Hacker Newsnew | past | comments | ask | show | jobs | submitlogin

Unicode strings are really, really hard.

I'm working on a programming language sort of like K or APL. Among other things it has "good" unicode support (I'm fully convinced such a thing is even possible). It introduces a truly frustrating amount of complexity, especially in comparison to how simple ASCII strings are in K or APL (just an array of characters, so you get all the powerful array operations for free as shown in this post).

The approach I've more or less settled on is that strings are not arrays at all but it's possible to get arrays of codepoints (composed or decomposed) or grapheme clusters from them. Really this just pushes complexity to the caller, but it means you more control over what exactly you intend to work with. Pretty much all the solutions here could be straightforwardly translated to my programming language, except you would need to choose what definition of "character" you're going with.

I basically like this solution but the deeper I get the more I become convinced that manipulating an arbitrary user-provided or even user-facing string in any way is a recipe for disaster; there's often simply no sensible way to handle things like direction formatting control codes (or bidirectional text in general).

In other words, I almost think there should be separate types for "computer-facing" strings (like filenames) that one commonly has to manipulate, and "human-facing" strings that one just wants to either display or store somewhere and ideally never touch because you will screw up somewhere.



> In other words, I almost think there should be separate types for "computer-facing" strings (like filenames) that one commonly has to manipulate, and "human-facing" strings that one just wants to either display or store somewhere and ideally never touch because you will screw up somewhere.

That's a fascinating idea, thanks. I imagine it's impractical due to numerous places where machine and human strings overlap, but I'm going to have to ruminate on it for a while.


The GFile API in GTK+'s underlying glib family of libraries kind of has this, at least for your example of filenames. It separates the "actual" name of a file from it's display name, and has APIs to support that division.

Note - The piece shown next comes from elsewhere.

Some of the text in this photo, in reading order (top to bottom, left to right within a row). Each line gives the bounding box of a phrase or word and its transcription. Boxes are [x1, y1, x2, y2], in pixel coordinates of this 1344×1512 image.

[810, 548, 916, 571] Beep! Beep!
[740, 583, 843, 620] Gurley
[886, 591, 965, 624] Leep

From the documentation [1]:

All GFiles have a basename (get with g_file_get_basename()). These names are byte strings that are used to identify the file on the filesystem (relative to its parent directory) and there is no guarantees that they have any particular charset encoding or even make any sense at all. If you want to use filenames in a user interface you should use the display name that you can get by requesting the G_FILE_ATTRIBUTE_STANDARD_DISPLAY_NAME attribute with g_file_query_info(). This is guaranteed to be in UTF-8 and can be used in a user interface. But always store the real basename or the GFile to use to actually access the file, because there is no way to go from a display name to the actual name.

This makes implementing things that deal with filenames a lot (like, cough, a file manager) quite interesting.

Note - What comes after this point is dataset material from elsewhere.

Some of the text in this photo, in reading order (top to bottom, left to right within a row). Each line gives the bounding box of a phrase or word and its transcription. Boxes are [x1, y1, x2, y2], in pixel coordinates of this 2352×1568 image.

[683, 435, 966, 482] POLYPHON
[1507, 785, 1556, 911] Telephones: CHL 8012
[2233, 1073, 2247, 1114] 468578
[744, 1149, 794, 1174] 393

[1] https://developer.gnome.org/gio/stable/GFile.html


There's a similar concept in Rust, where filename strings are OsString https://doc.rust-lang.org/std/ffi/struct.OsString.html , which can be converted to the Unicode-like String.

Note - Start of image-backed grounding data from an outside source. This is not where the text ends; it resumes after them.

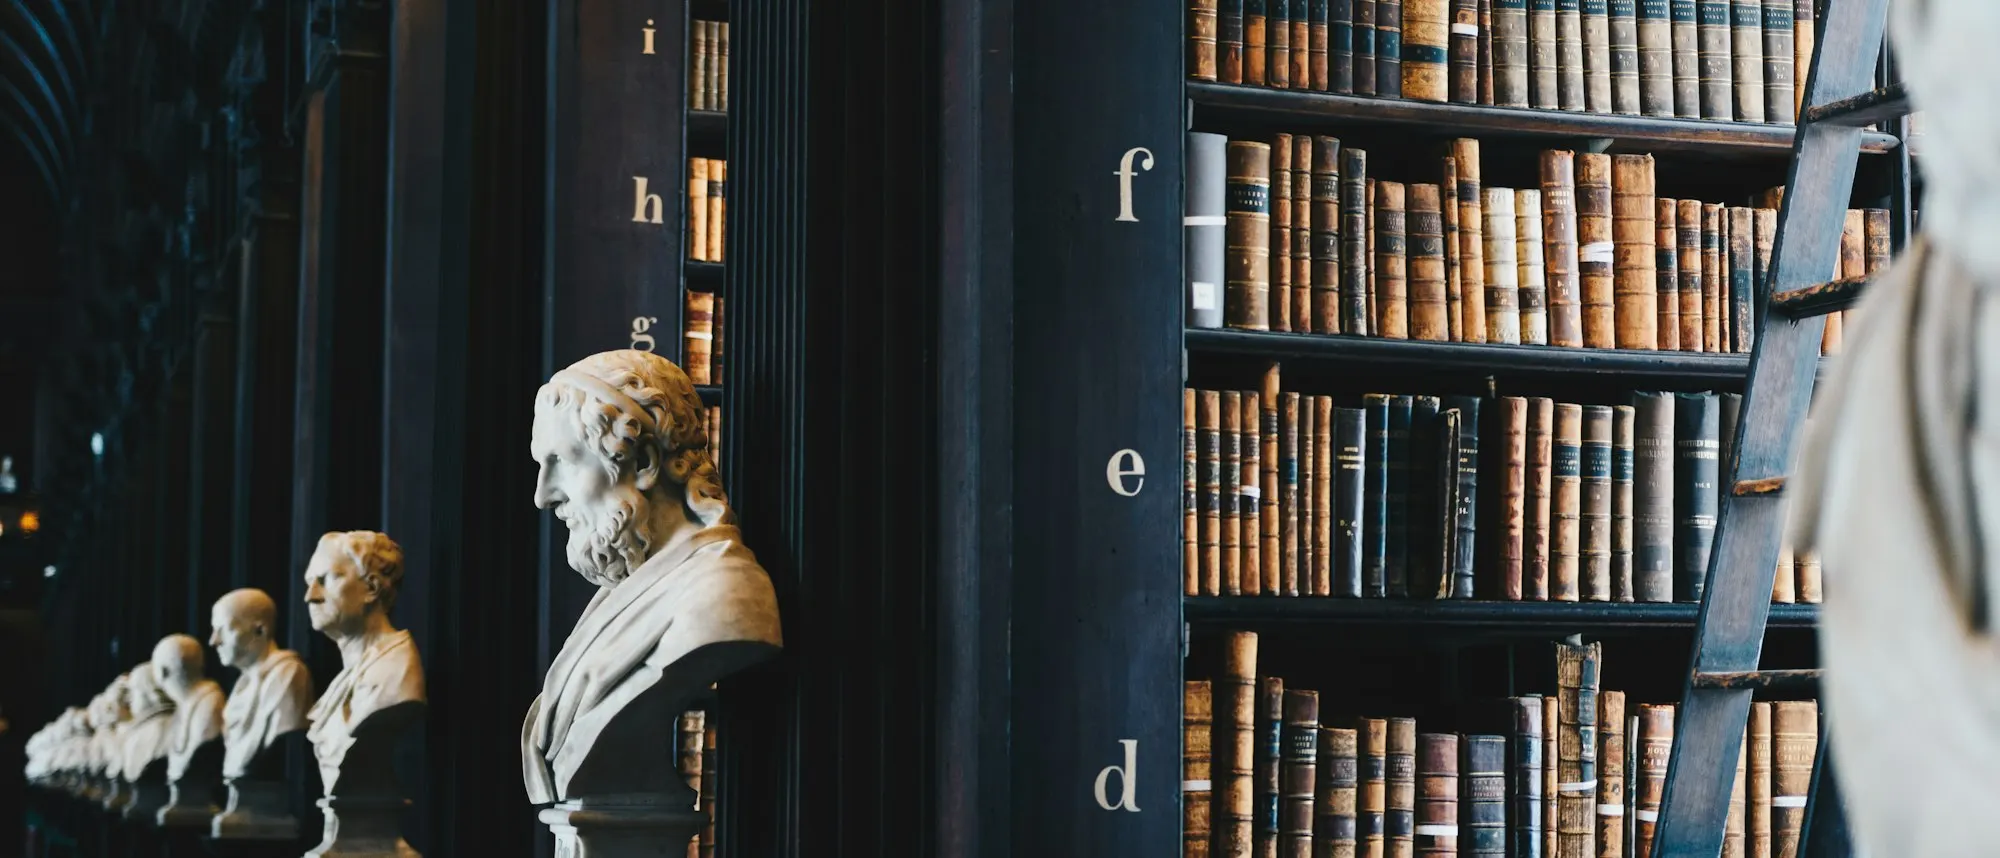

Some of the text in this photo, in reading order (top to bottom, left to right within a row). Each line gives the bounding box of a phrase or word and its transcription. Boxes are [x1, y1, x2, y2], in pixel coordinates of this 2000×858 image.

[642, 19, 656, 54] i
[632, 176, 663, 224] h
[1113, 147, 1154, 222] f
[631, 316, 657, 351] g
[1106, 448, 1145, 497] e
[1095, 739, 1141, 812] d

With perhaps Rust's greatest contribution to the public discourse, the WTF-8 format.


It's definitely pretty leaky (just prompting the user for a filename already breaks it; you either leak the rules for machine strings to the user or you pray to god they don't enter something too weird).

However the problem with interaction is really only one-way, since machine strings can be safely promoted to human strings. Unfortunately even concatenating unicode strings is not necessarily straightforward; for example A+B where A has a right-to-left embedding in it but you want B to display left-to-right you need to surround it with left-to-right embedding and pop direction (this actually solves any issues I can think of off the top of my head but no one does this).

The really bad problems involve parsing user-provided non-programmer-oriented text (e.g. markdown). I really don't know if there's a robust way to do that.


Hmm. Surely in order to "display" you need to "manipulate" (someone has to write the text rendering library, although ideally only once). And the simple action of "enter filename" crosses both those domains.

Then there's the whole classic domain of parsers and lexers as the front end to programming languages. I appreciate this gets upsettingly difficult if it's also a security boundary, where things like invisible spaces are a threat, but it remains important.

Maybe what we need is to go the other way from asking interns to reverse strings, and ask library writers to provide some slightly higher-level functions that don't rely on regex. Perhaps LINQ for strings? Most languages give you "split", which is the very beginning of a tokeniser, but we need something a bit more powerful.

A good test case might be writing the notoriously difficult "do these two URLs refer to the same resource?" program.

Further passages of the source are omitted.